**Work item:** In the data that follows, find the line containing "this 2048×1098 image."; then quote that line and every line after it, exactly, through the last one.

Image-backed grounding data:
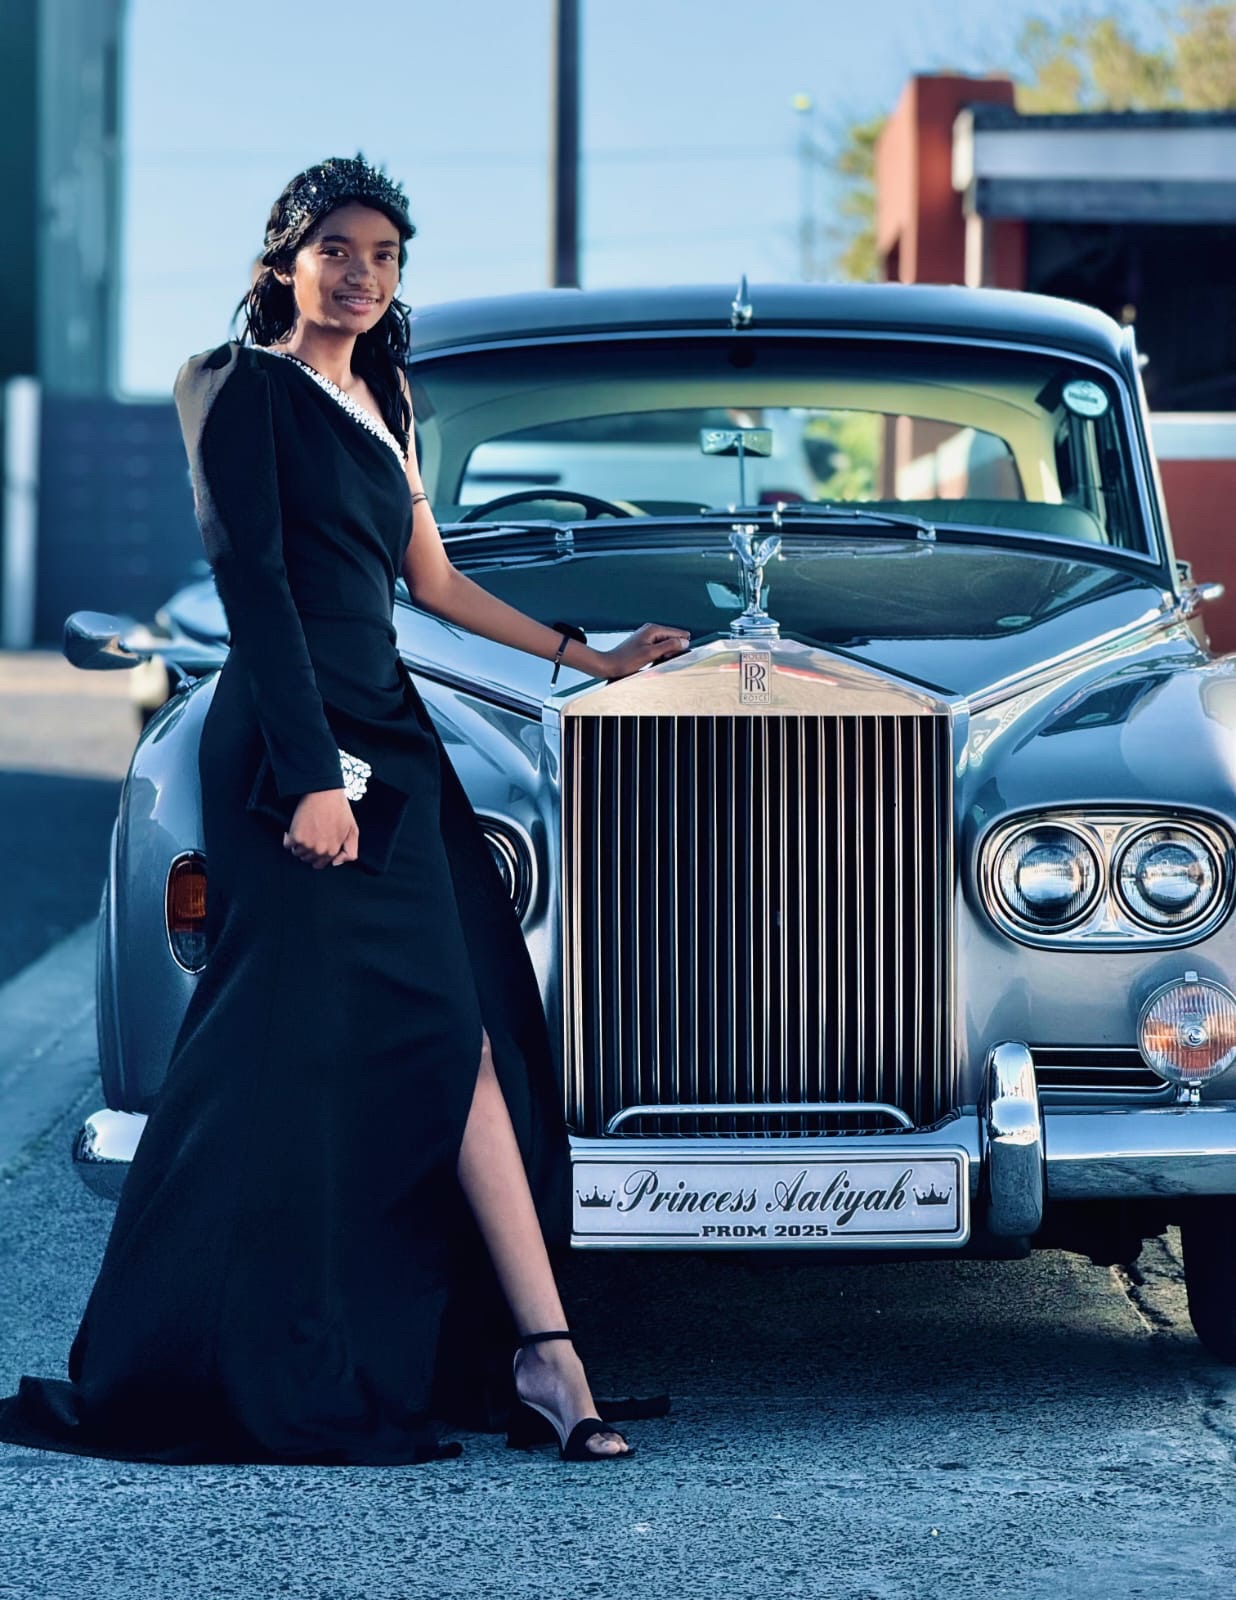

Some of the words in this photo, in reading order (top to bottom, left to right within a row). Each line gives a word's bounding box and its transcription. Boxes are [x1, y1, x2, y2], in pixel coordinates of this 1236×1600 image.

[617, 1169, 757, 1213] Princess
[766, 1169, 913, 1227] Aaliyah
[702, 1225, 767, 1237] PROM
[774, 1225, 829, 1237] 2025
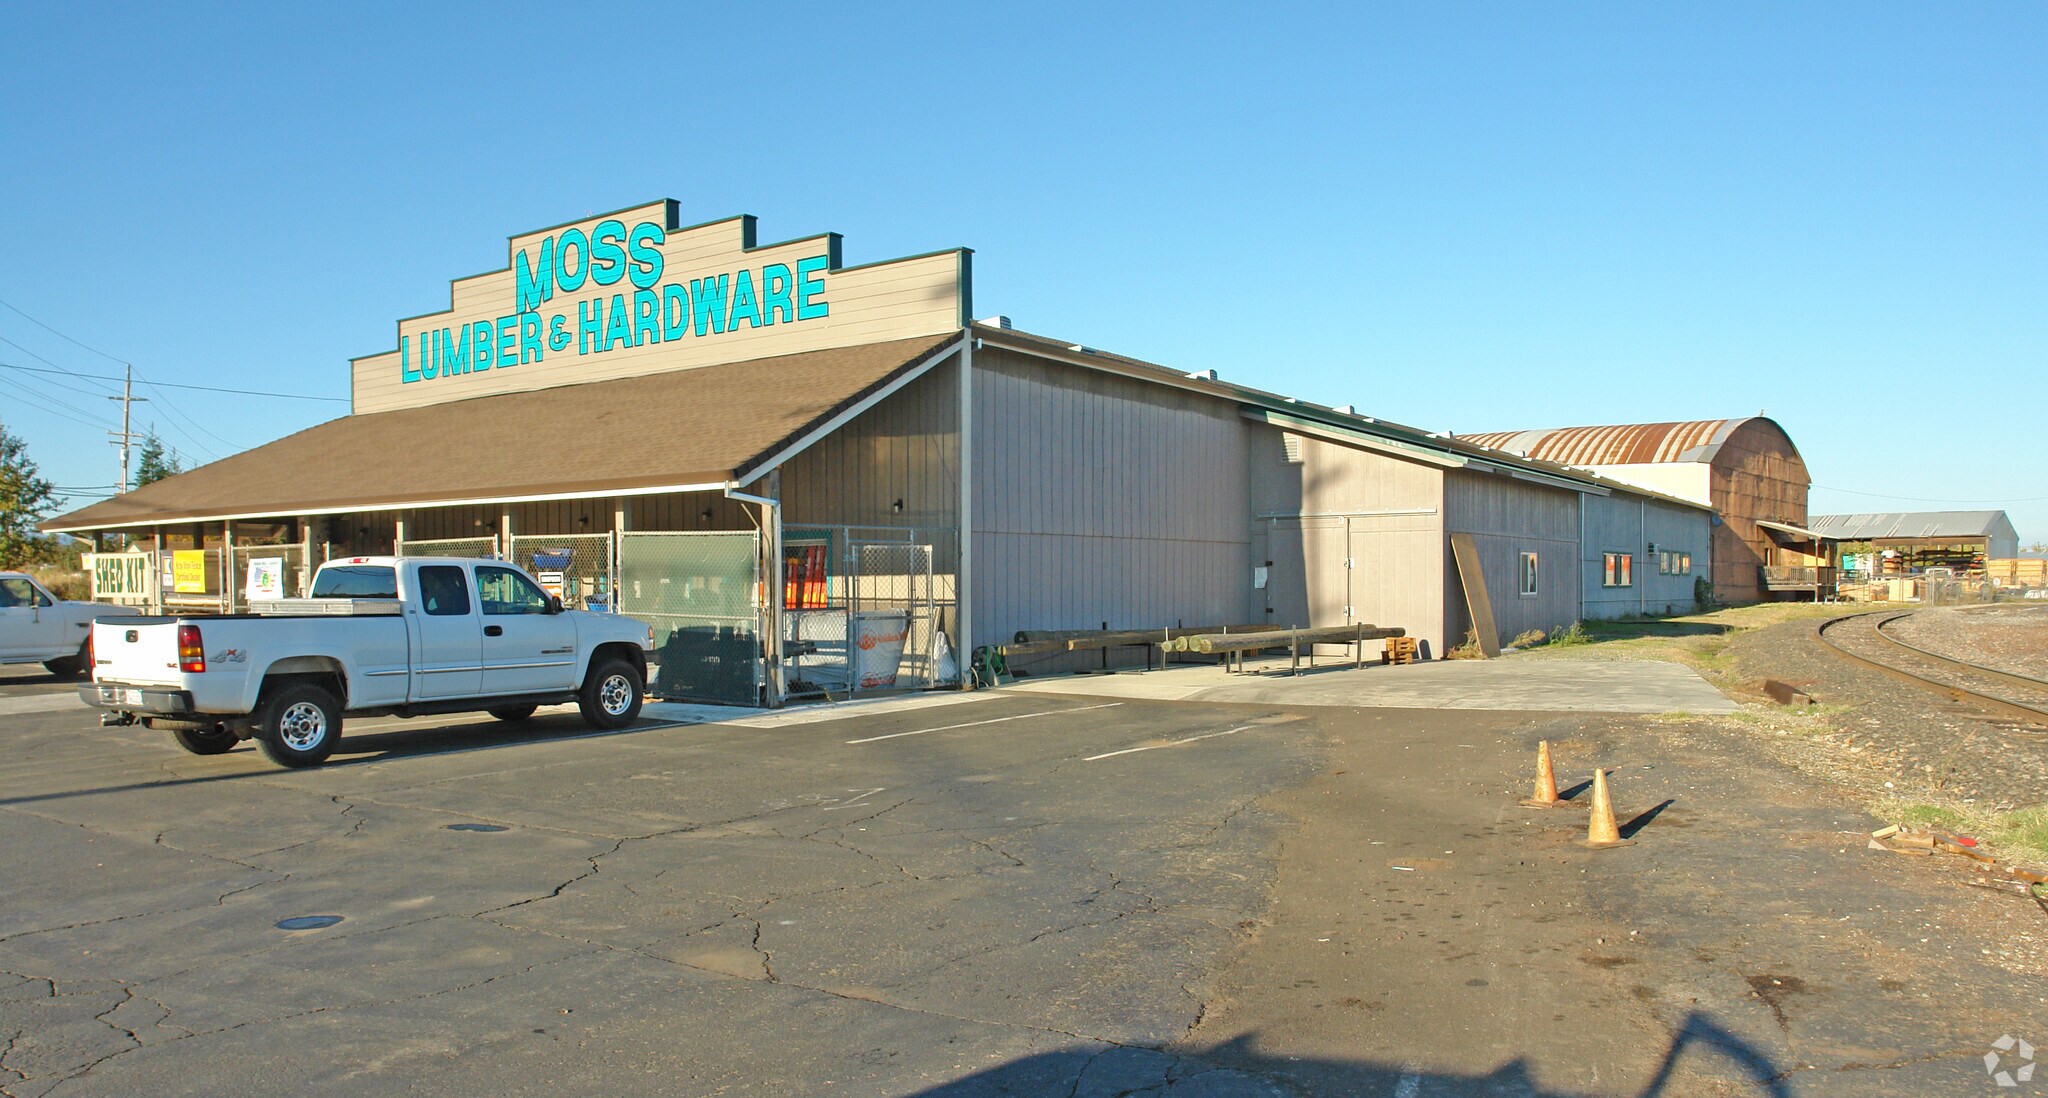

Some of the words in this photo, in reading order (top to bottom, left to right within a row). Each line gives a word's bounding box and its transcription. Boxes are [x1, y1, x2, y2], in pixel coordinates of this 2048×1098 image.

[515, 219, 665, 314] MOSS
[401, 311, 543, 384] LUMBER
[548, 314, 572, 352] &
[578, 255, 830, 356] HARDWARE
[95, 557, 123, 594] SHED
[126, 557, 145, 594] KIT

**Result of the exercise:**
Some of the words in this photo, in reading order (top to bottom, left to right within a row). Each line gives a word's bounding box and its transcription. Boxes are [x1, y1, x2, y2], in pixel coordinates of this 2048×1098 image.

[515, 219, 665, 314] MOSS
[401, 311, 543, 384] LUMBER
[548, 314, 572, 352] &
[578, 255, 830, 356] HARDWARE
[95, 557, 123, 594] SHED
[126, 557, 145, 594] KIT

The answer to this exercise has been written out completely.